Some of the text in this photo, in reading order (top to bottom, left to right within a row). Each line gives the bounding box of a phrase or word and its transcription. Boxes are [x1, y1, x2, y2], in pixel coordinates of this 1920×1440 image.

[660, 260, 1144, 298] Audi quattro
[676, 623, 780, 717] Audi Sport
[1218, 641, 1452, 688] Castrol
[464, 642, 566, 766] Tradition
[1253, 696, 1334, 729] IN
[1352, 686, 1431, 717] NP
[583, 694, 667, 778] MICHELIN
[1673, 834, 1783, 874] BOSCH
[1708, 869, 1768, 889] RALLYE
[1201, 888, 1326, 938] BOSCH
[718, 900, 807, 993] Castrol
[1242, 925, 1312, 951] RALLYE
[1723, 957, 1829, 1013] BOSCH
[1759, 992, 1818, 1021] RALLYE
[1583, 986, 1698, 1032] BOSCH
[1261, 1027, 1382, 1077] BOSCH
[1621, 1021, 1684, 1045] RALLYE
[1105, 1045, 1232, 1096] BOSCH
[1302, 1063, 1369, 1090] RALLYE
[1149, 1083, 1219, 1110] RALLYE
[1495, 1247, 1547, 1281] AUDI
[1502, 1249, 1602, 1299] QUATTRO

----------------

• **About this exercise**
Each line above is to be set down again verbatim.

• **Response for this exercise**
Some of the text in this photo, in reading order (top to bottom, left to right within a row). Each line gives the bounding box of a phrase or word and its transcription. Boxes are [x1, y1, x2, y2], in pixel coordinates of this 1920×1440 image.

[660, 260, 1144, 298] Audi quattro
[676, 623, 780, 717] Audi Sport
[1218, 641, 1452, 688] Castrol
[464, 642, 566, 766] Tradition
[1253, 696, 1334, 729] IN
[1352, 686, 1431, 717] NP
[583, 694, 667, 778] MICHELIN
[1673, 834, 1783, 874] BOSCH
[1708, 869, 1768, 889] RALLYE
[1201, 888, 1326, 938] BOSCH
[718, 900, 807, 993] Castrol
[1242, 925, 1312, 951] RALLYE
[1723, 957, 1829, 1013] BOSCH
[1759, 992, 1818, 1021] RALLYE
[1583, 986, 1698, 1032] BOSCH
[1261, 1027, 1382, 1077] BOSCH
[1621, 1021, 1684, 1045] RALLYE
[1105, 1045, 1232, 1096] BOSCH
[1302, 1063, 1369, 1090] RALLYE
[1149, 1083, 1219, 1110] RALLYE
[1495, 1247, 1547, 1281] AUDI
[1502, 1249, 1602, 1299] QUATTRO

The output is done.